The first lesson you learn in ‘trust’ is as a child. Your father toss you up in the air and catches you back. You enjoy the moment and laugh ecstatically. While as a child your understanding of fear is less profound, at the same time you trusted your father with this very act! As you grew older, your understanding of trust evolved. Personal and professional experiences shape this significantly. It would be fair to say by the time you reach the middle of your corporate career; you would have formed your own “theory of trust”.
This to quite an extent becomes the foundation of how we interact, agree, disagree and form relationships with our stakeholders, viz. customers, partners, colleagues and managers. Some have made reference to these relationships as ‘contracts’. Imagine this contract to be a machine giving the desired output, ‘trust’ then becomes the lubricant that guarantees it runs smoothly.
Trust deficit in business leads to friction, disasters and huge financial losses. While this is a common understanding, we frequently hear about trust issues between customers, partners, employees et al. Many leaders do not realize that lack of trust has a long term economic cost and the immediate gain will taper off in a matter of time.

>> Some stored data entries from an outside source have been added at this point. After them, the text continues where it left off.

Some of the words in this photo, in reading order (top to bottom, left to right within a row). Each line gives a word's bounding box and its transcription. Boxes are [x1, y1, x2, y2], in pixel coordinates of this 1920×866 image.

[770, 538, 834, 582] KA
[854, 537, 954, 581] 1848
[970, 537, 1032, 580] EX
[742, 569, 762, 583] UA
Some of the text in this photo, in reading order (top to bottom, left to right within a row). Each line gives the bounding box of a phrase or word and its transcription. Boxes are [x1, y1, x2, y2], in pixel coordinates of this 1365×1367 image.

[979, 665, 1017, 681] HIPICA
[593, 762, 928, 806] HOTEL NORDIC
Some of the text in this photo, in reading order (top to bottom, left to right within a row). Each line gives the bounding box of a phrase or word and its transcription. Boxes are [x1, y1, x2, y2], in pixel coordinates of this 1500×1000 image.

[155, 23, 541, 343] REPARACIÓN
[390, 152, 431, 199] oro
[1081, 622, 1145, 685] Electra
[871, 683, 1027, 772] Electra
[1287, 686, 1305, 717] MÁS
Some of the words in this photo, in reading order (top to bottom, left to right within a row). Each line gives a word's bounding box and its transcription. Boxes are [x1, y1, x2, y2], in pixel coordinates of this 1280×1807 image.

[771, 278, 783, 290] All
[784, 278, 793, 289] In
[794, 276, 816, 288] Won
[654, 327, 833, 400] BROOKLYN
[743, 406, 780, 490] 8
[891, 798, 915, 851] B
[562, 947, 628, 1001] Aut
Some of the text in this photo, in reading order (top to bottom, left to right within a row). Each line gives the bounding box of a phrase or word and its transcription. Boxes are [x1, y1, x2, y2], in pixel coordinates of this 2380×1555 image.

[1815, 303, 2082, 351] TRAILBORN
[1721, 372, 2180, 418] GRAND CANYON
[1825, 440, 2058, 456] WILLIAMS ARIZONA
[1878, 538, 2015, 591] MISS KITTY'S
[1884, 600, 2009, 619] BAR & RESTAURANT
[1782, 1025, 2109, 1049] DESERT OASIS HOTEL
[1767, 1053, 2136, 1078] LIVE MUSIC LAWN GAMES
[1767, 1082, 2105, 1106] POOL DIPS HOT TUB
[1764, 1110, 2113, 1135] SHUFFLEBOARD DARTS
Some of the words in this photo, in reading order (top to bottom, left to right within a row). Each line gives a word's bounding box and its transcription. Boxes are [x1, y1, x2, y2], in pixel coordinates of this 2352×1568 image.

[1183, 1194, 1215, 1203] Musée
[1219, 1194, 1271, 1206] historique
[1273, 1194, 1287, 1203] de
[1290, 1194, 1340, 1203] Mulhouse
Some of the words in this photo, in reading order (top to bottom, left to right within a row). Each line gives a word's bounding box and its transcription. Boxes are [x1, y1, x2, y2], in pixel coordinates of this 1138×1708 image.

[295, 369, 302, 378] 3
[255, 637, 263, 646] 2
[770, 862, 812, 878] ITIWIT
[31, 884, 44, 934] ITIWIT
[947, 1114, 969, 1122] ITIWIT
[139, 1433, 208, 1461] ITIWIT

A significant part of my role in alliances management, is resolving conflicts. I get to see trust in action every day. Alliances are aimed at achieving a common objective through joint actions. These joint actions form the building blocks of trust and hence significantly contribute to the performance of an alliance. In scenarios where trust has been established, collisions are fewer, sales cycles are smoother, and less time is spent agreeing on actions. The reverse is true for scenarios of trust deficit. Established trust helps alliance partners exchange resources faster, invest more in the venture and exchange information seamlessly.
But at the end of day, it is individuals’ motivations behind events that establish or do not establish trust. The question is “why do people do what they do?” I have tried to understand this using Game Theory’s Prisoner’s Dilemma. Assume a situation where a sales rep (let’s call him player A) from a principal company and a sales rep for a channel partner (let’s call him player B) are structuring a deal based on the price point at which the customer would buy. While doing so they have to consider factors like customer discount, the share it takes away from the partner’s margin (player B) and the impact on deal size which ultimately affects the principal sales rep’s sales quota (player A).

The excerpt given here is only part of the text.